Results: Cell type enrichment analyses of RNA-seq data revealed a monocyte/macrophage signature in 3/5 DM patients, relative to HC skin (PanglaoDB Cell Types). The gene-enriched signaling pathways significantly upregulated in DM vs. HC macrophages were: extracellular matrix (ECM)-Receptor interactions and Il1-mediated ECM reorganization. Interestingly, these same pathways were upregulated in the intact skin of the matched DM patients, i.e. only the patients with a skin monocyte/macrophage signature. Several cytokines and proteases with ECM-remodeling ability were significantly upregulated in DM macrophages and the corresponding skin biopsies: Cxcl7, Cxcl5, Ccl13, MMP-11,Il1b, and Il-27. To investigate the pathogenic interactions between DM macrophages and keratinocytes, we established 3D skin tissue models that incorporate autologous HC or DM macrophages and keratinocytes. Gene-set enrichment scores for ECM remodeling pathways uncovered in DM macrophages and intact skin biopsies were also higher in autologous DM 3D tissues compared to the autologous HC tissues (e.g. DM +0.482 vs HC -0.421). Likewise, the 3D tissues demonstrated decreased expression of genes involved in skin keratinization, as seen in the intact biopsies. The 3D skin tissues constructed of healthy fibroblasts and keratinocytes but DM macrophages showed an upregulation of the Il1-mediated ECM reorganization pathway. DM macrophages retained increased expression of cytokines and proteases outlined above. Moreover, healthy keratinocytes had increased surface expression of the activation marker HLA-DR in the presence of DM but not healthy macrophages.

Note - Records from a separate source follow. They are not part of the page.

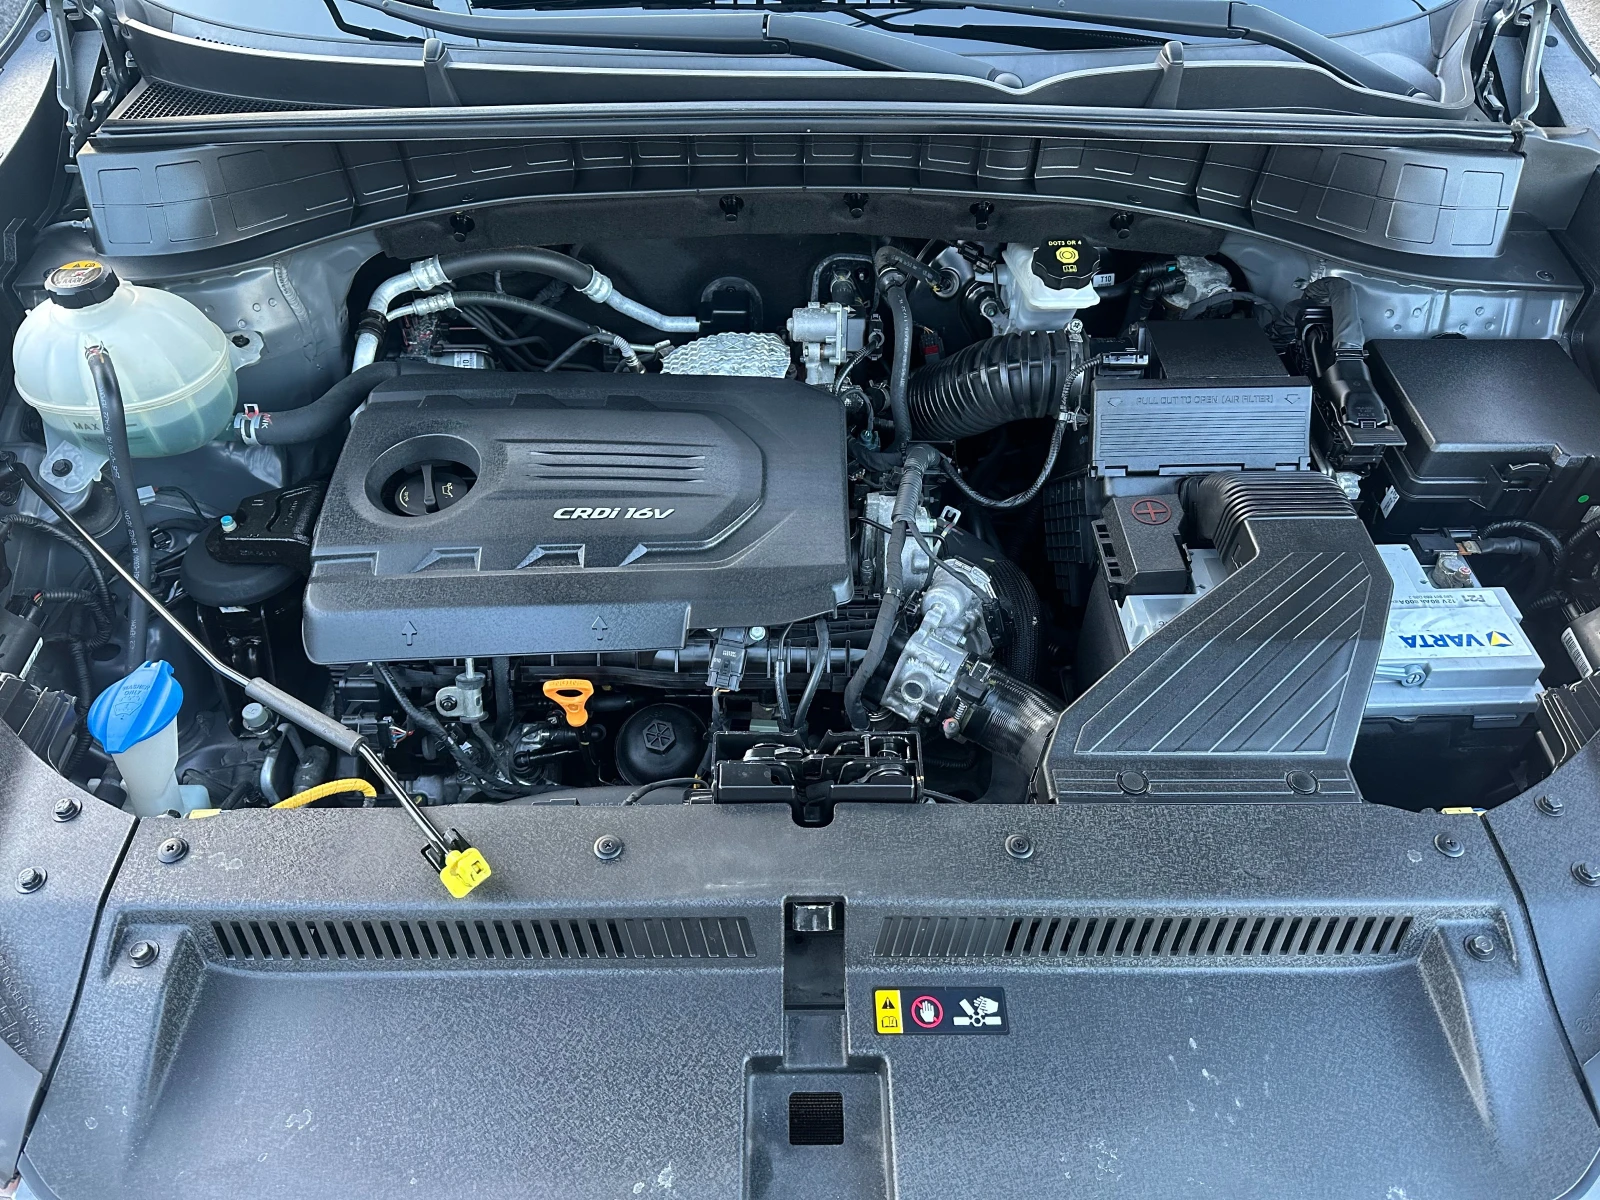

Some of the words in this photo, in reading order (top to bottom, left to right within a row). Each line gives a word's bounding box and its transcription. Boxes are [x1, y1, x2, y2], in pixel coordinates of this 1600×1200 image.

[1100, 275, 1112, 283] T10
[1136, 396, 1159, 405] PULL
[1160, 396, 1179, 405] OUT
[1180, 395, 1192, 404] TO
[1194, 395, 1218, 404] OPEN
[1221, 394, 1240, 404] (AIR
[1242, 394, 1274, 404] FILTER)
[73, 422, 100, 431] MAX
[553, 507, 621, 519] CRDi
[624, 507, 675, 519] 16V
[1398, 634, 1486, 648] VARTA
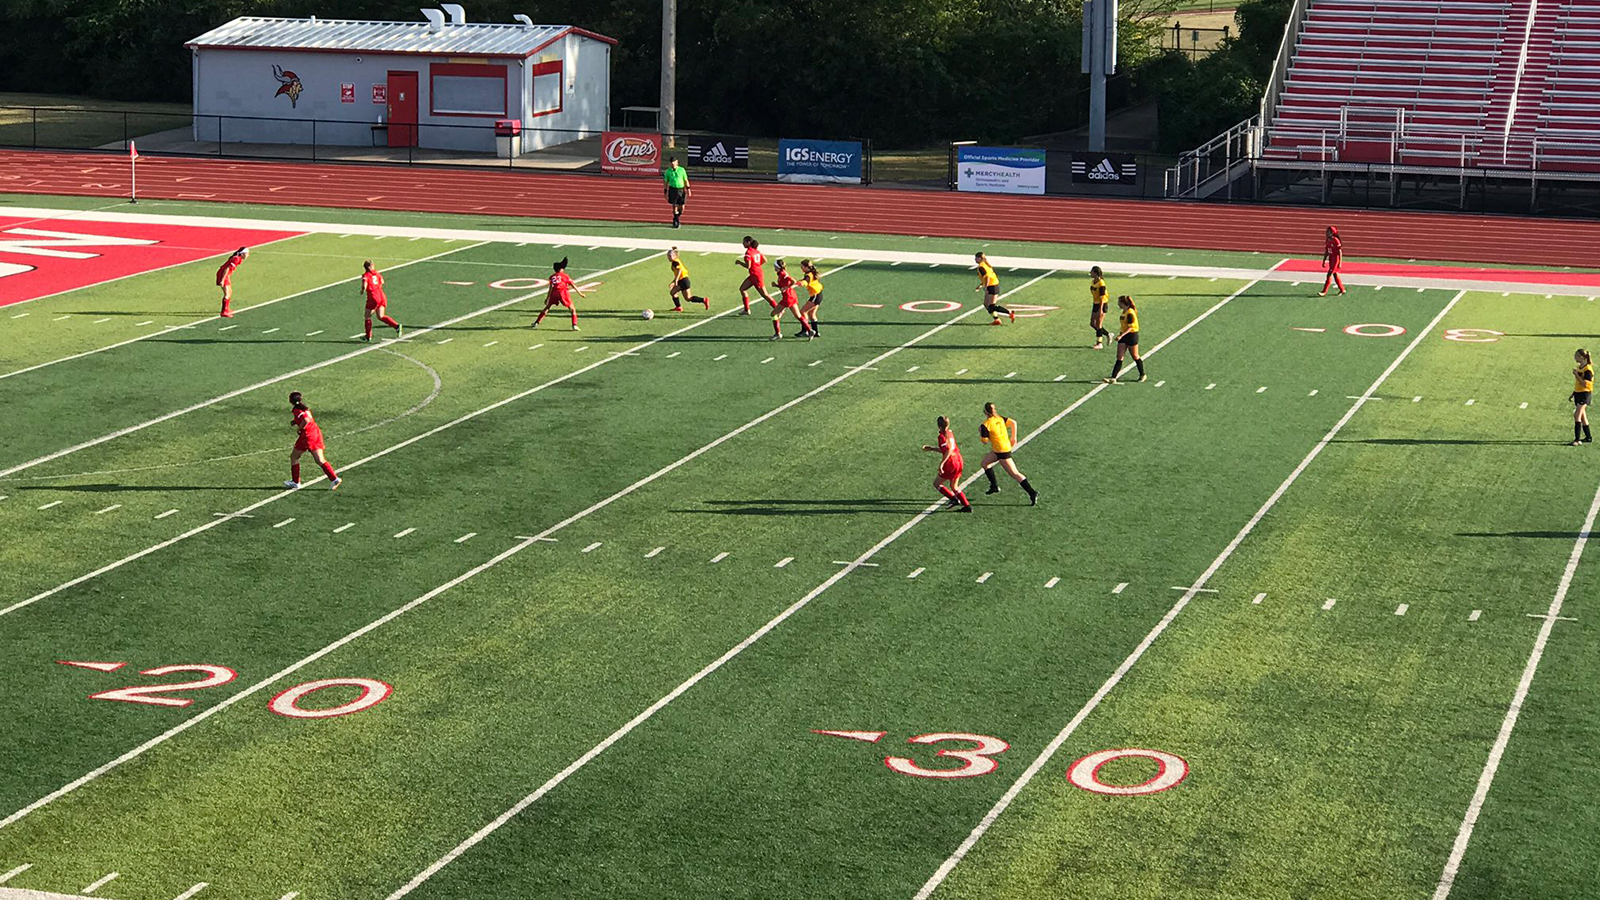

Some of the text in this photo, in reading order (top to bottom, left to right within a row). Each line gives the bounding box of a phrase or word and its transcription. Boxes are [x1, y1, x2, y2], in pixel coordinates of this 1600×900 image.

[608, 137, 656, 162] Cane's
[702, 155, 733, 164] adidas
[785, 147, 853, 163] IGS ENERGY
[1088, 171, 1119, 180] adidas
[371, 275, 378, 285] 2
[551, 275, 562, 284] 23
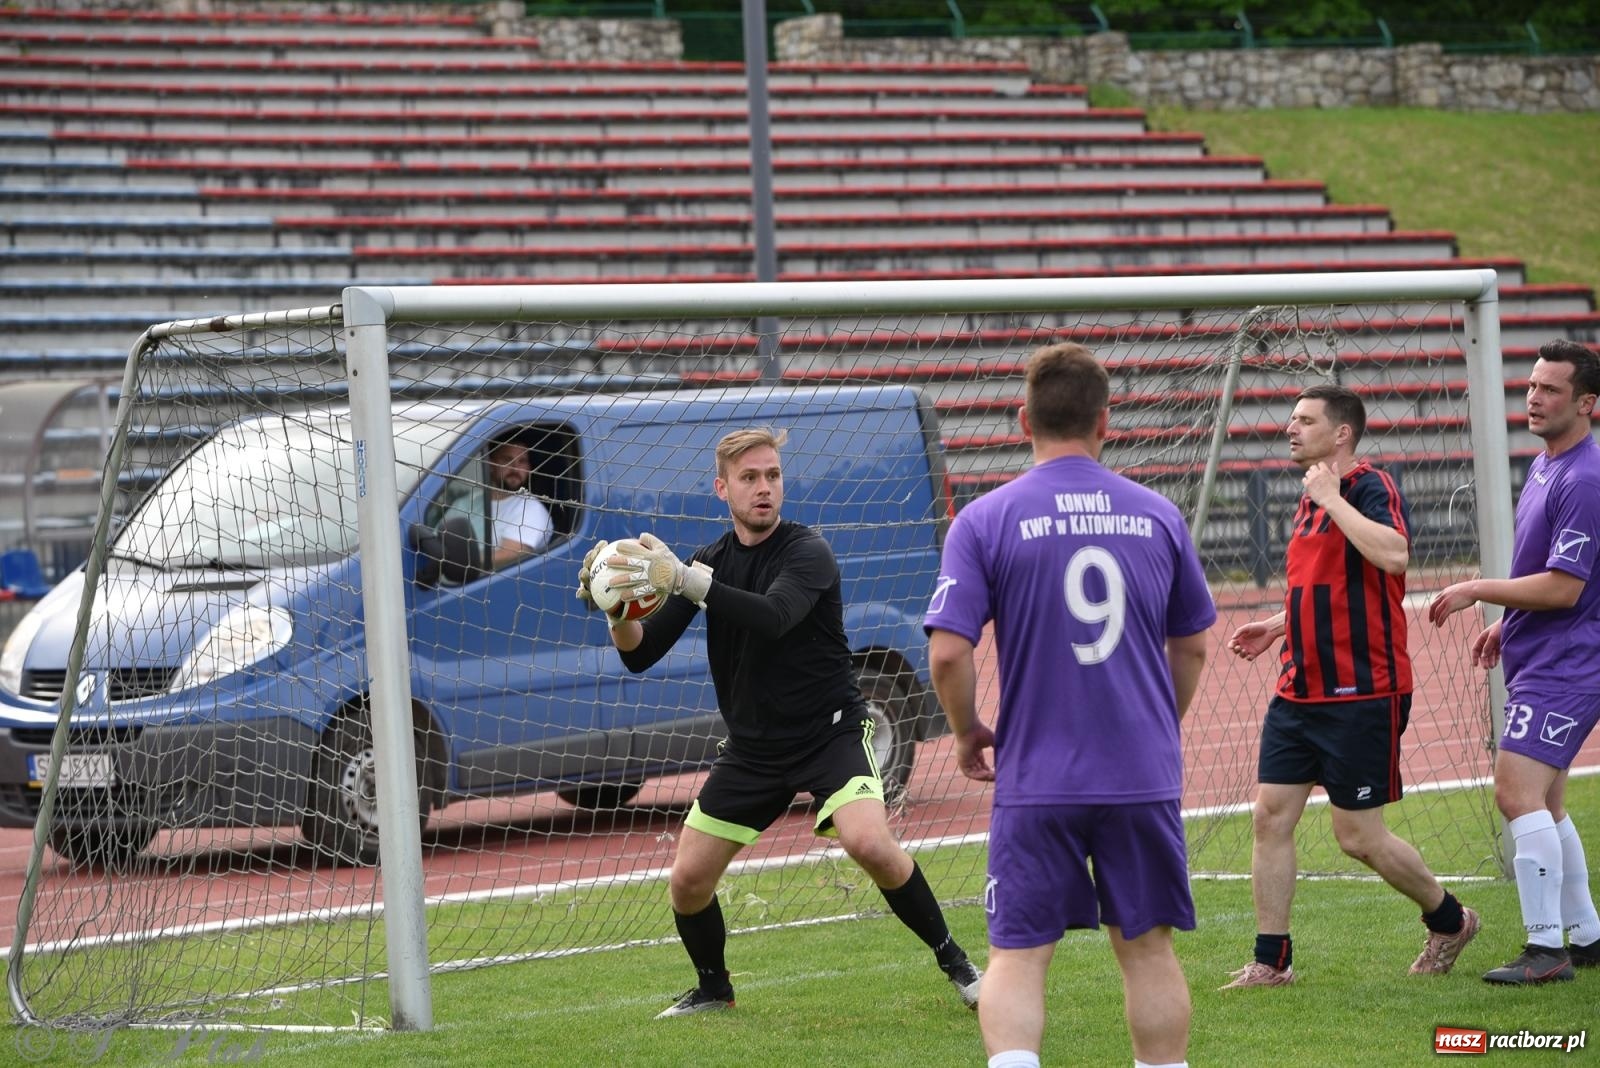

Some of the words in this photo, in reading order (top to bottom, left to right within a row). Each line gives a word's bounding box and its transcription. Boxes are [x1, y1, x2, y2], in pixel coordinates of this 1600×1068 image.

Conclusion: Differentiated macrophages from DM patients upregulate genes involved in the remodeling of ECM. The same transcriptomic signature is found in the skin of a subset of DM patients: enriched for monocyte/macrophage signature. Our novel autologous 3D tissue model of DM mimics transcriptionally disease-specific changes in ECM organization and demonstrates that DM macrophages activate keratinocytes and contribute to the IL-1 mediated remodeling of ECM.
Disclosures: Z. Chafouleas, None; A. Cortez, None; J. Whitley, None; D. Barton, None; L. Brown, None; M. Whitfield, Corbus Pharmaceuticals, Celdara Medical LLC, Bristol-Myers Squibb(BMS); P. pioli, None; S. Skopelja-Gardner, None.